Se estiver numa festa que aconteça no último piso de um prédio alto, procuro sempre afastar-me das conversas de ocasião para vir à varanda deitar um olhar sobre a cidade, sobretudo se for de noite, para espreitar as luzes, as fendas e as sombras que crescem na escuridão da cidade, propensa ao imprevisto, ao inesperado.

A maior cidade onde estive foi Xangai.
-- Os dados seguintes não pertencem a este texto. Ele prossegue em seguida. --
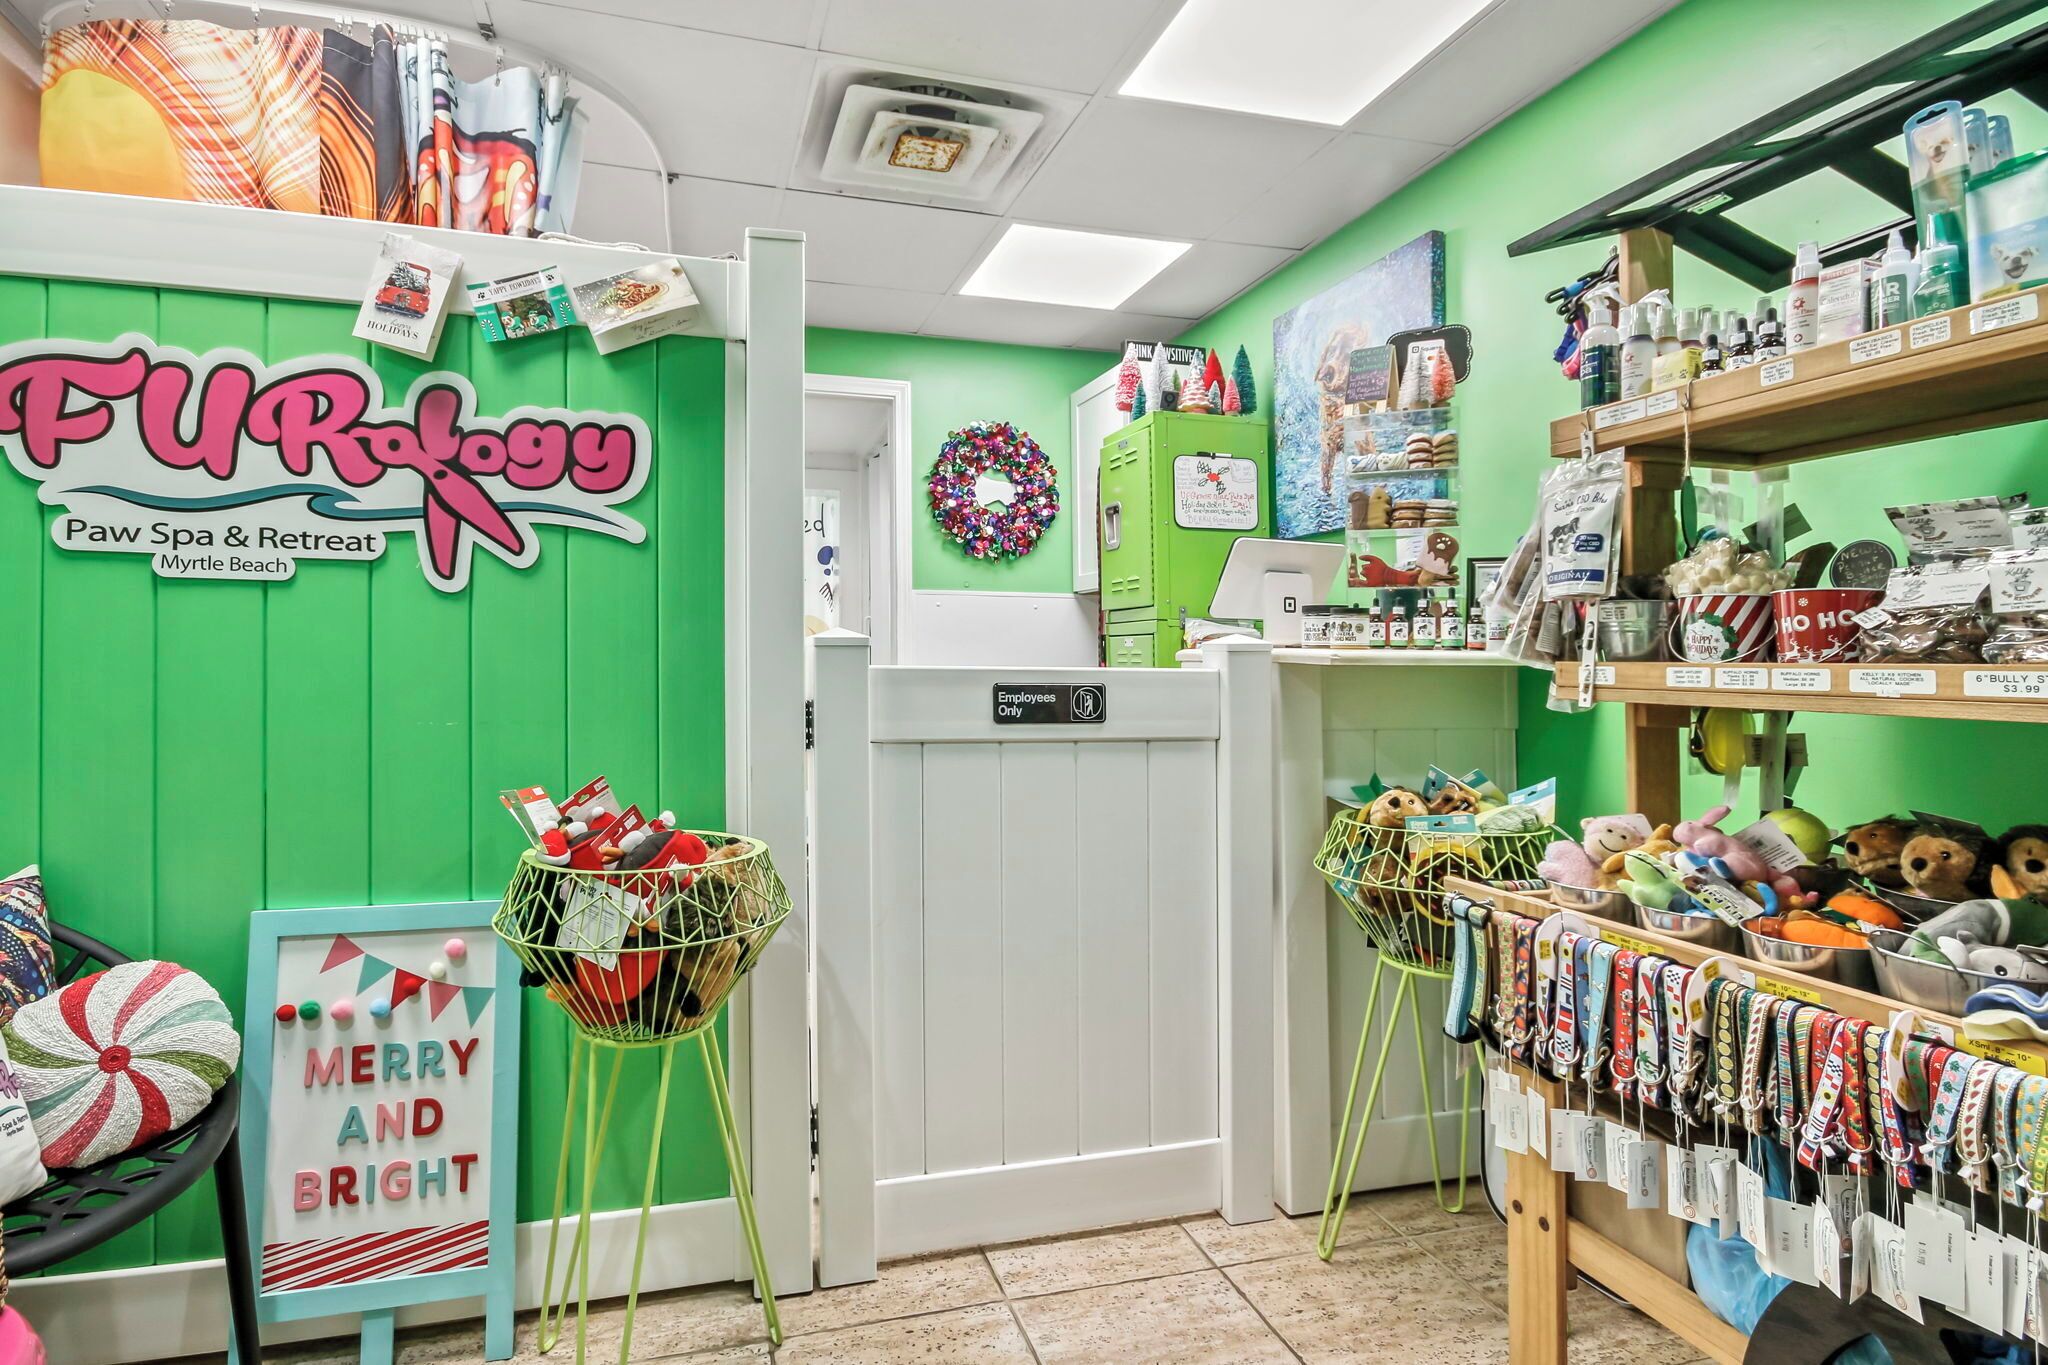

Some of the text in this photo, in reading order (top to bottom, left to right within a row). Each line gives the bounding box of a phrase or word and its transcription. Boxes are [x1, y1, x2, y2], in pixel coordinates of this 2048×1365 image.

[367, 320, 420, 340] HOLIDAYS
[1131, 343, 1153, 359] HINK
[66, 518, 377, 553] Paw Spa & Retreat
[160, 554, 288, 574] Myrtle Beach
[1548, 571, 1589, 583] ORIGINAL
[1690, 635, 1713, 645] HAPPY
[998, 692, 1057, 705] Employees
[998, 705, 1023, 718] Only
[304, 1037, 479, 1088] MERRY
[336, 1097, 444, 1147] AND
[293, 1153, 479, 1212] BRIGHT
Vivi durante três meses nesse lugar onde tudo o que eu conhecia do mundo se invertia, onde a minha crença sobre ser uma “entidade única especial” esbarrava na necessidade de atravessar a estrada, rodeada por uma multidão de centenas de outras “entidades únicas e especiais” com quem eu tinha de acertar a passada, sob o risco de ser esmagada pelo fluxo de automóveis que avançavam independentemente da cor do semáforo.

Foi em Xangai que me senti ainda mais minúscula: se em Portugal já achava que o meu modesto metro e cinquenta e nove centímetros, muitas vezes não estava à altura dos acontecimentos, na China passei a sentir-me com dois centímetros de importância, reduzida de protagonismo entre os milhares de pessoas que me rodeavam diariamente. Por vezes o coletivo era tão poderoso, que quando aconteceu ser feriado nacional, cerca de seis milhões de pessoas (aproximadamente 12 milhões de pés) pisaram a rua do Bund, onde eu estava hospedada, e os meus dois pés e respetivo corpo a eles associado, bem puderam esquecer a autodeterminação — seguiam simplesmente por onde a multidão os levasse. Entre mim e a multidão, nenhuma fronteira, só fusão. O mesmo se passava fosse dia ou noite.
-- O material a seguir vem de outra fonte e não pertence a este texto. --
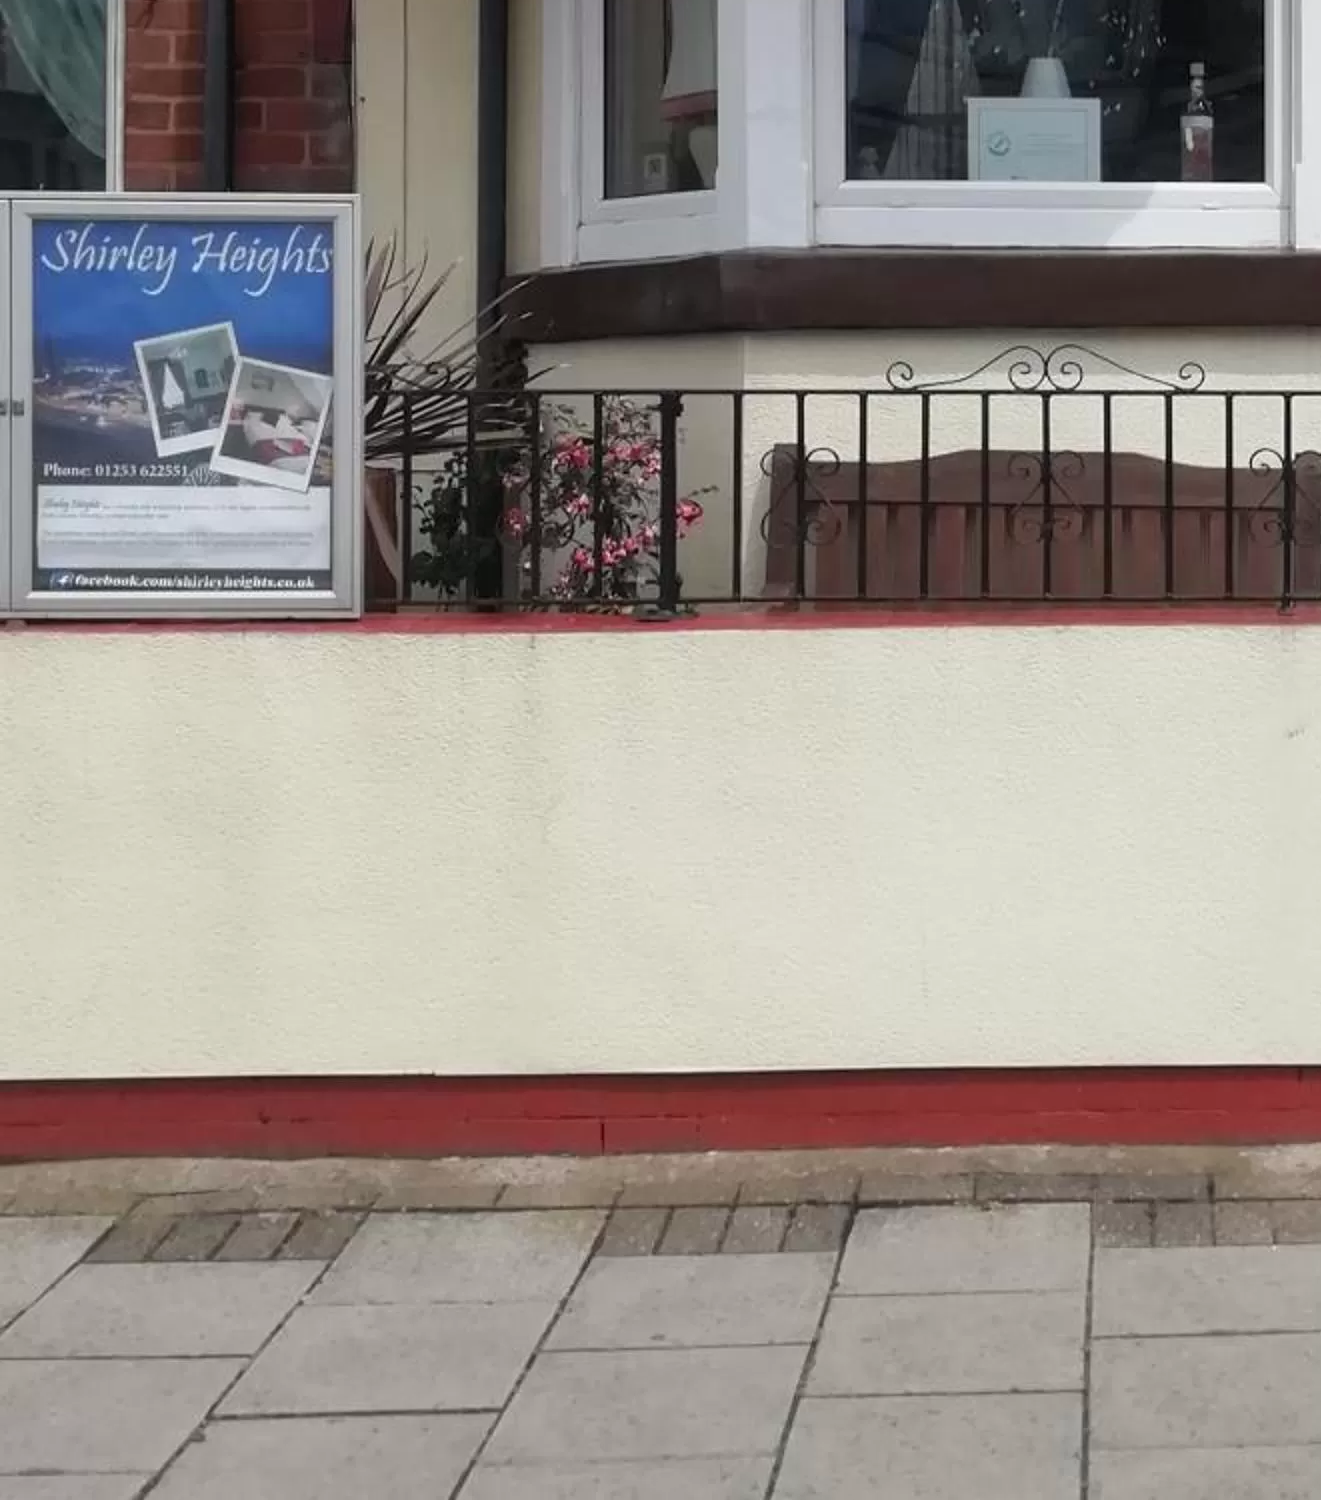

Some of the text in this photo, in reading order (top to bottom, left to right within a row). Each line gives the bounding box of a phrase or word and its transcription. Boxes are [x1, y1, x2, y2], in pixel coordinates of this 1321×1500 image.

[40, 222, 333, 298] Shirley Heights
[43, 462, 188, 478] Phone: 01253 622551
[75, 573, 315, 590] facebook.com/shirleyheights.co.uk
Lisboa está longe de ser uma dessas metrópoles imensas que não dorme (exceção feita aos órgãos vitais em funções — os médicos de serviço, os coletores de lixo, os guardas noturnos, e todos os que mantêm o organismo a respirar enquanto o resto dos não-noctívagos repousa em sono REM). Ainda assim, quando cheguei à cidade, vinda de outra substancialmente mais pequena, Lisboa pareceu-me assustadoramente enorme. Cheia de vielas, ruas indecifráveis, portas misteriosas na Avenida Duque de Loulé, homens engravatados no Saldanha, personagens fictícias na Avenida Almirante Reis.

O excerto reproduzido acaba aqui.